Bild: Wer hier ohne Ticket einsteigt, soll bald mehr zahlen.
Einmal in der Feuerwehrzufahrt geparkt: 35 Euro für die Staatskasse. Einmal
ohne Fahrkarte in der S-Bahn unterwegs: Künftig 60 Euro in die Kasse des
Nahverkehrsanbieters. So hat es der Bundesrat am Freitag beschlossen. Zwei
Verordnungen müssen noch geändert werden, dann wird das neue „erhöhte
Beförderungsentgelt“ für Schwarzfahrer voraussichtlich im kommenden
Frühjahr in Kraft treten.
Man kann sich angesichts der Neuregelung vergleichshalber durch den
Bußgeldkatalog für Falschparker klicken - und wähnt sich im Schlussverkauf.
Parken in zweiter Reihe kostet 20 Euro, Parken im Halteverbot 15 Euro,
Halten im Halteverbot 10 Euro.

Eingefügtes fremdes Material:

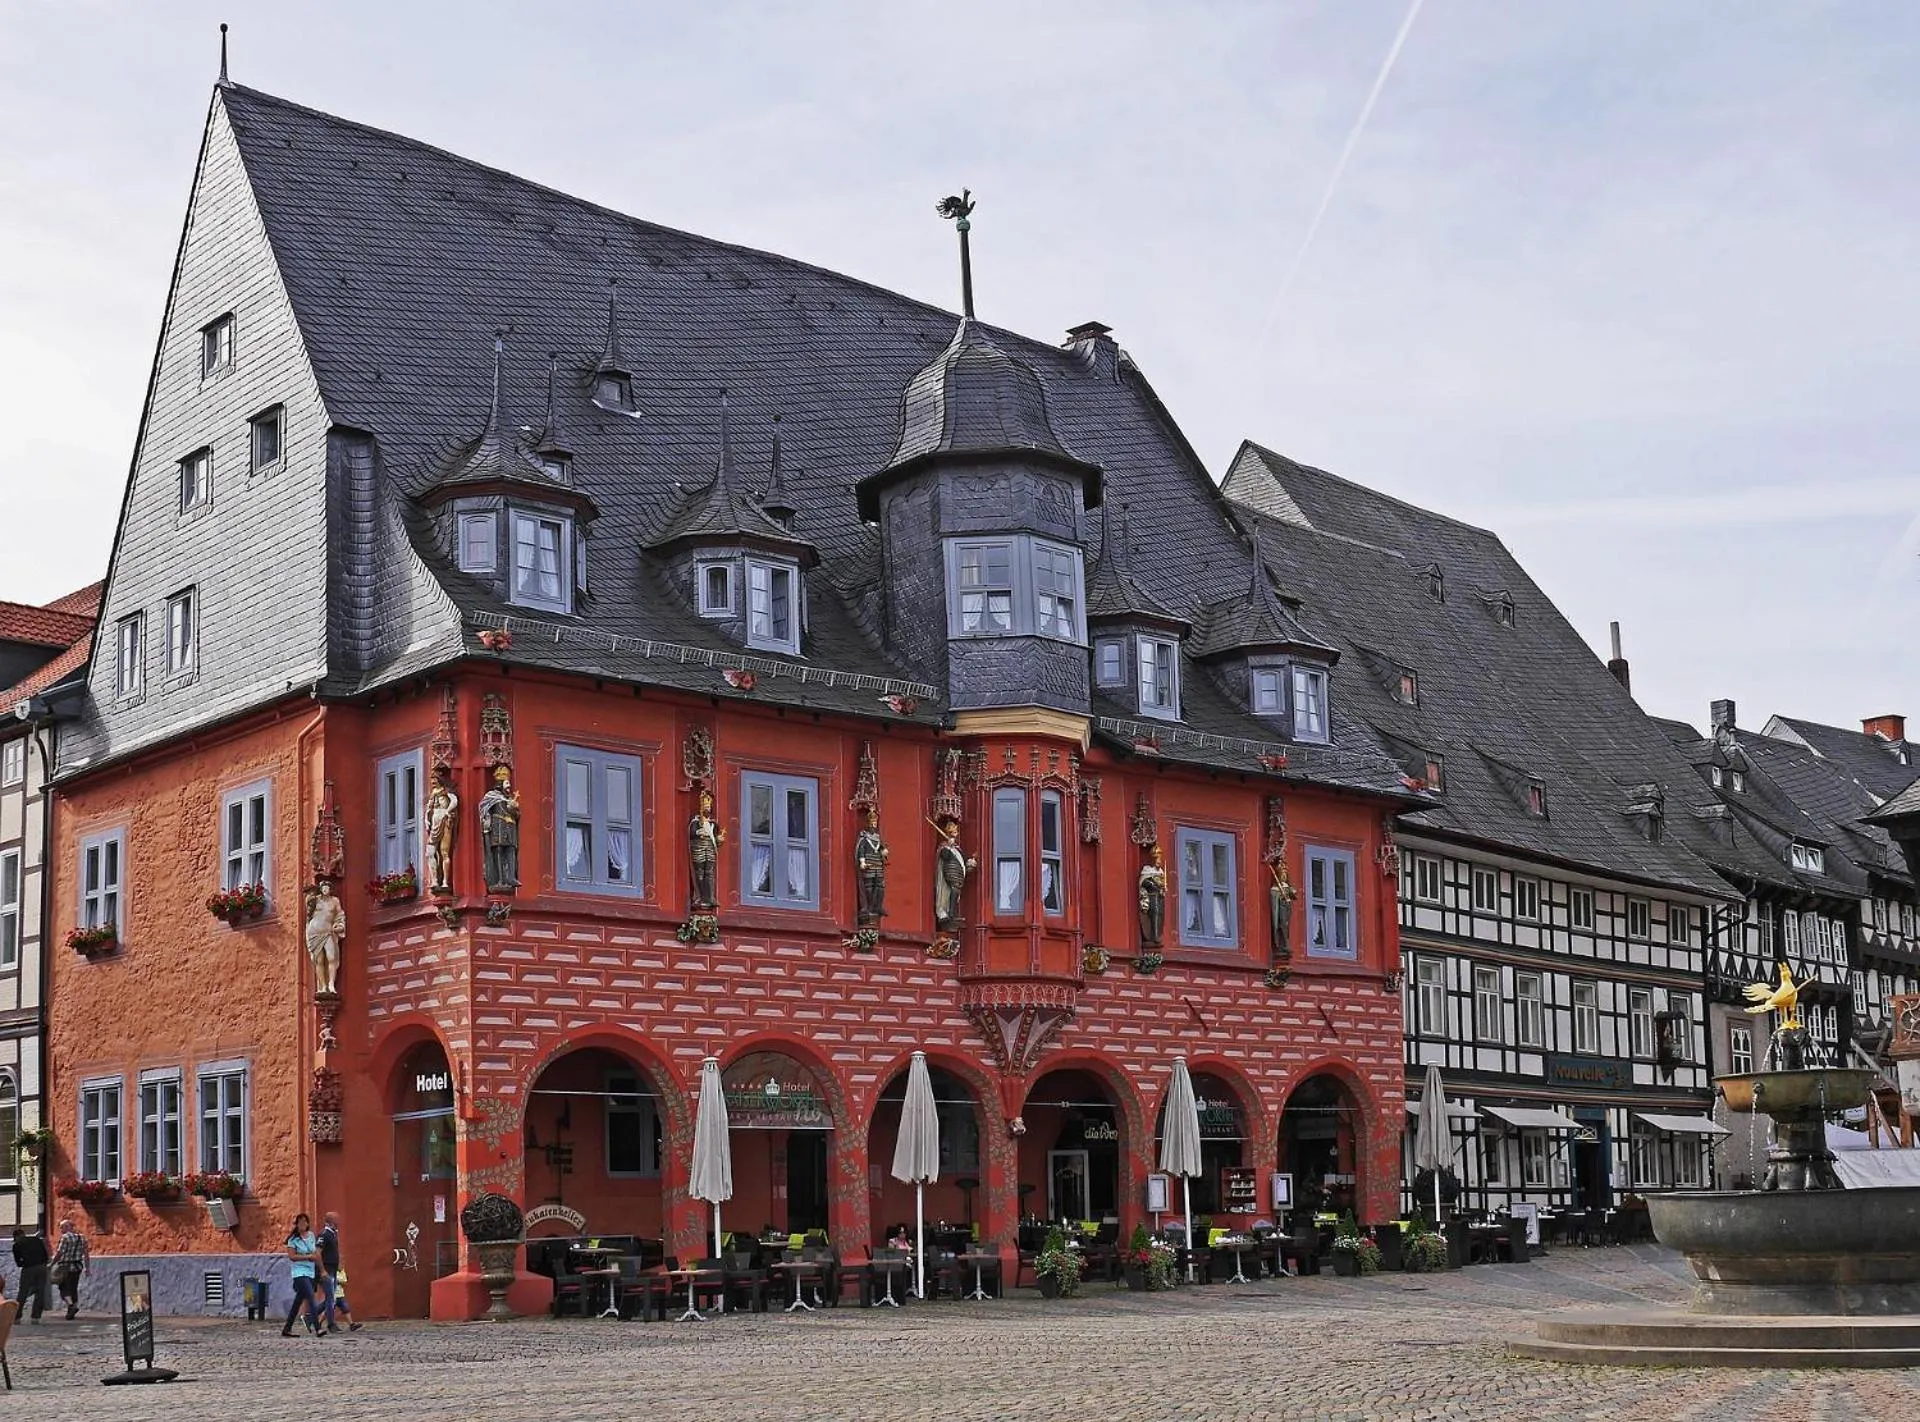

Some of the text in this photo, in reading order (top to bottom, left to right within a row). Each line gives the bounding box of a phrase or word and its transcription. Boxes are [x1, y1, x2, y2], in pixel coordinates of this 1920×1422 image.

[416, 1072, 448, 1092] Hotel
[783, 1082, 811, 1092] Hotel
[1208, 1099, 1229, 1108] Hotel

Wer den Preis für ein Parkticket und den
Zeitaufwand für die Parktplatzsuche addiert und nochmal die
Wahrscheinlichkeit des Erwischtwerdens gegenrechnet, kann das durchaus
lohnenswert finden.
Die gleiche Logik führt im öffentlichen Nachverkehr zum Steigen des
„erhöhten Beförderungsentgelts“. 40 Euro wirkten einfach nicht mehr
abschreckend genug, klagen die Verkehrsbetriebe. Klar: Bei ständig
steigenden Ticketpreisen amortisiert sich die Zahlung nach immer weniger
Schwarzfahrten.
Hier herrscht ein Missverhältnis und zwar auf allen Ebenen. Nicht nur, was
die Höhe der jeweiligen Summen – und damit die mutmaßliche Lenkungswirkung
– angeht. Wiederholte Schwarzfahrer können auch im Gefängsnis landen,
während Falschparker höchstens einen Punkt in Flensburg fürchten müssen,
wenn sie mit ihrer Aktion Einsatzfahrzeuge behinden.

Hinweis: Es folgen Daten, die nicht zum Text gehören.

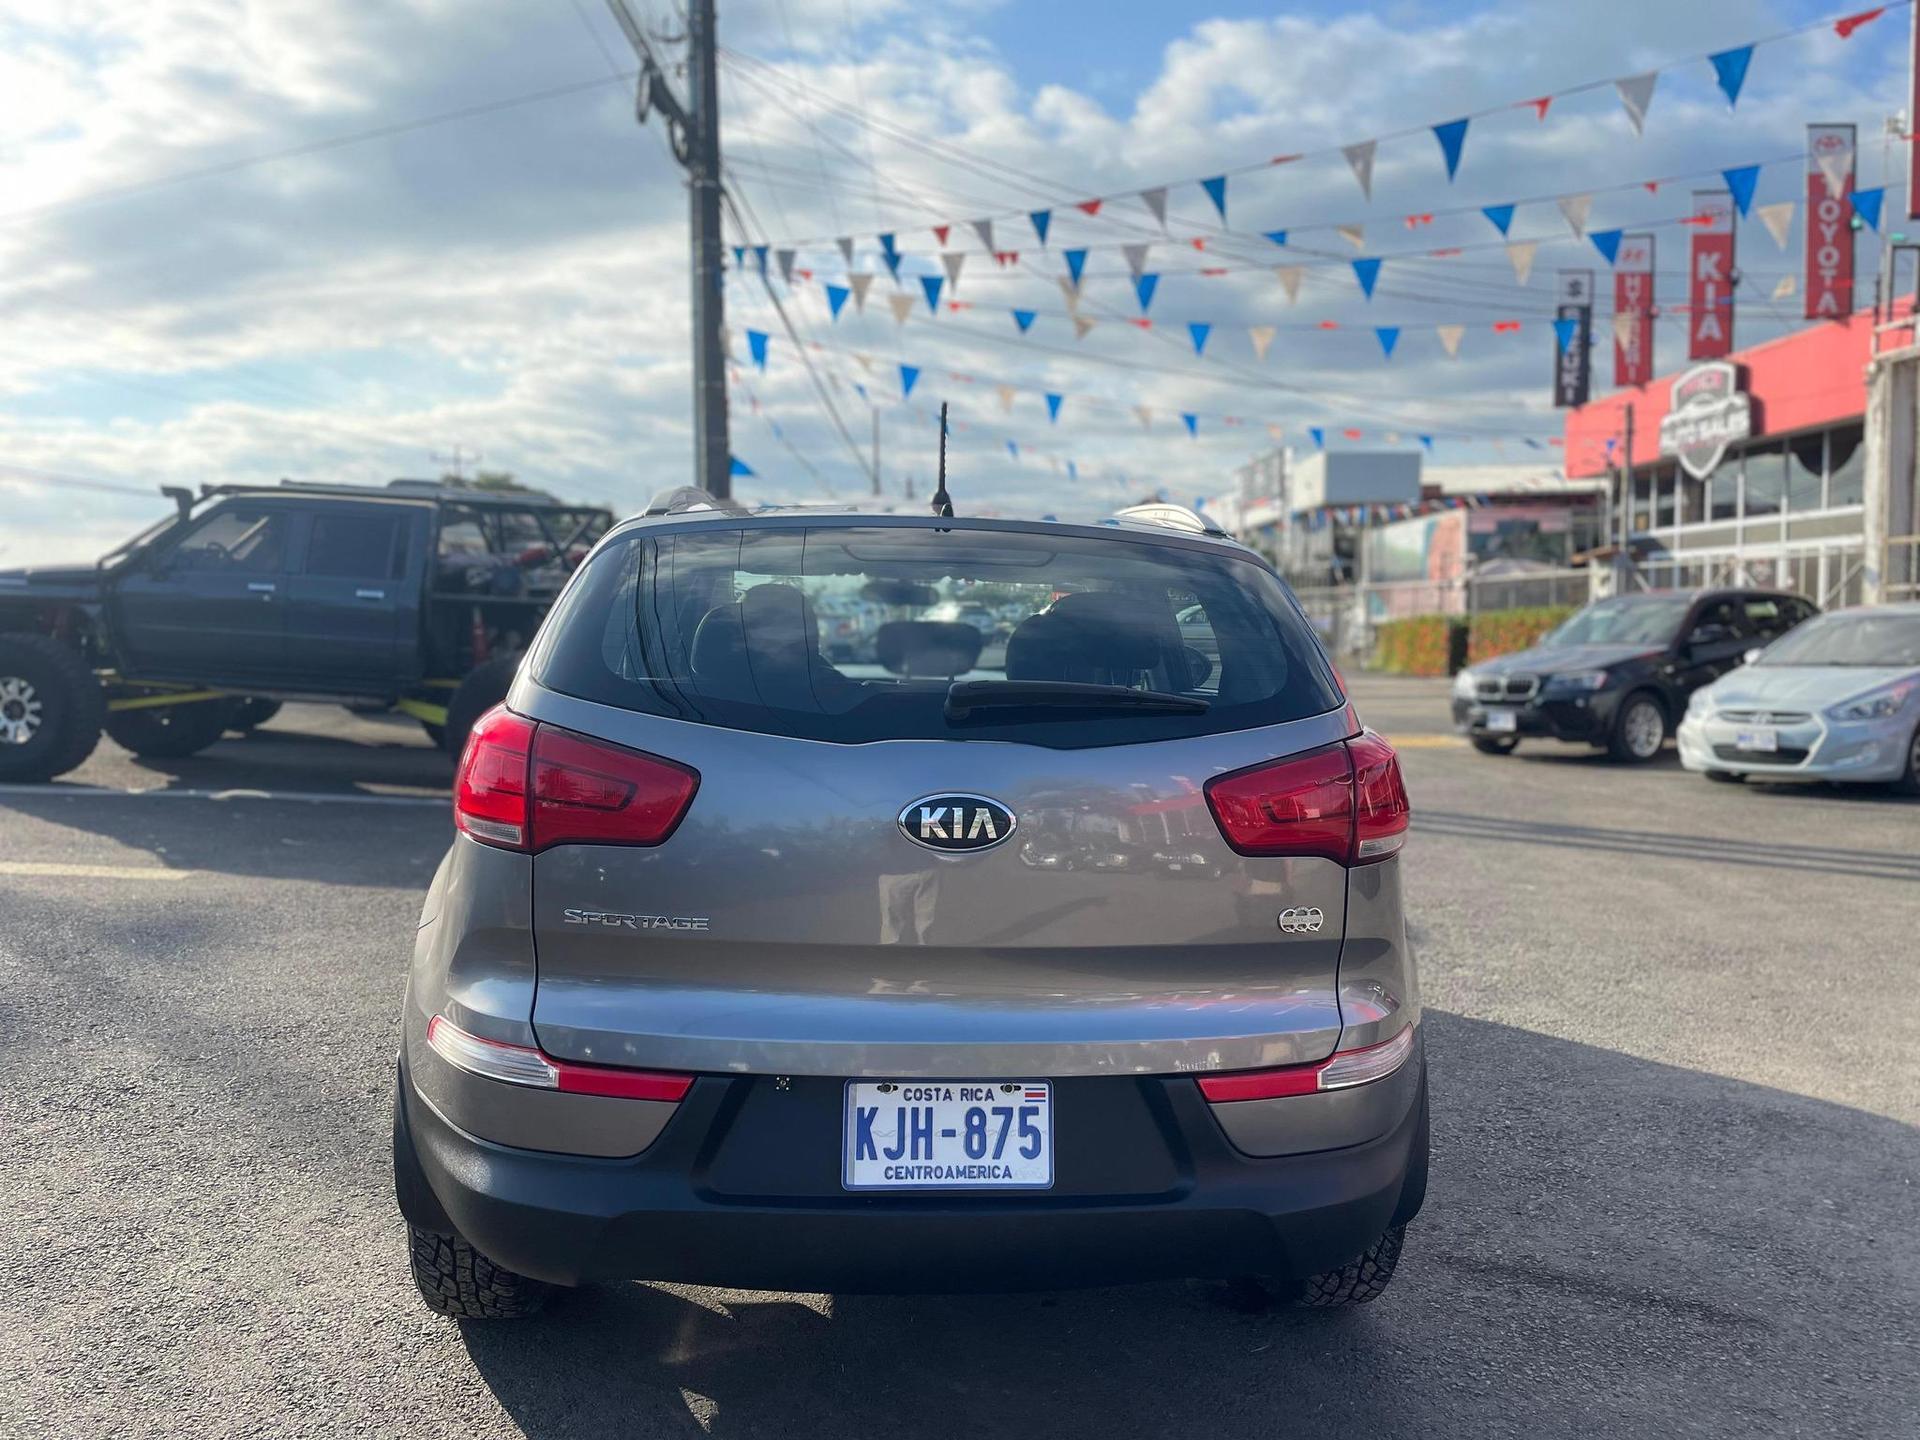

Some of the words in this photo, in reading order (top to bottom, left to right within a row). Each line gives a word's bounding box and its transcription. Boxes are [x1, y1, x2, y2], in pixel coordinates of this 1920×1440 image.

[1696, 251, 1723, 341] KIA
[919, 806, 998, 839] KIA
[563, 908, 710, 931] SPORTAGE
[903, 1087, 953, 1101] COSTA
[960, 1087, 995, 1101] RICA
[855, 1106, 1042, 1161] KJH-875
[883, 1165, 1013, 1180] CENTROAMERICA

## Unsolidarisch, aber nicht gefährlich
Dahinter steckt eine komplette Fehlbewertung der Auswirkungen von
Schwarzfahren und Falschparken. Schwarzfahrer verhalten sich möglicherweise
unsolidarisch, weil sie von einem Nahverkehrssystem profitieren, aber nicht
dafür zahlen. Wobei das Motiv nicht unbedingt mangelnde Solidarität ist,
sondern schlicht ein Mangel an Geld, um die Fahrkarte zu bezahlen.
Auch Falschparker sparen mitunter Geld, etwa, wenn sie kein Parkticket
lösen. Doch das ist das kleinere Problem. Das größere: Sie behindern und
gefährden andere. Schon mal gesehen, wie sich Rad- und Mopedfahrer um ein
in zweiter Reihe stehendes Fahrzeug schlängeln und mit welchem Abstand sie
dann von Pkws oder Bussen überholt werden? Oder Kinder, die versuchen,
hinter einem Falschparker die Straße zu überqueren?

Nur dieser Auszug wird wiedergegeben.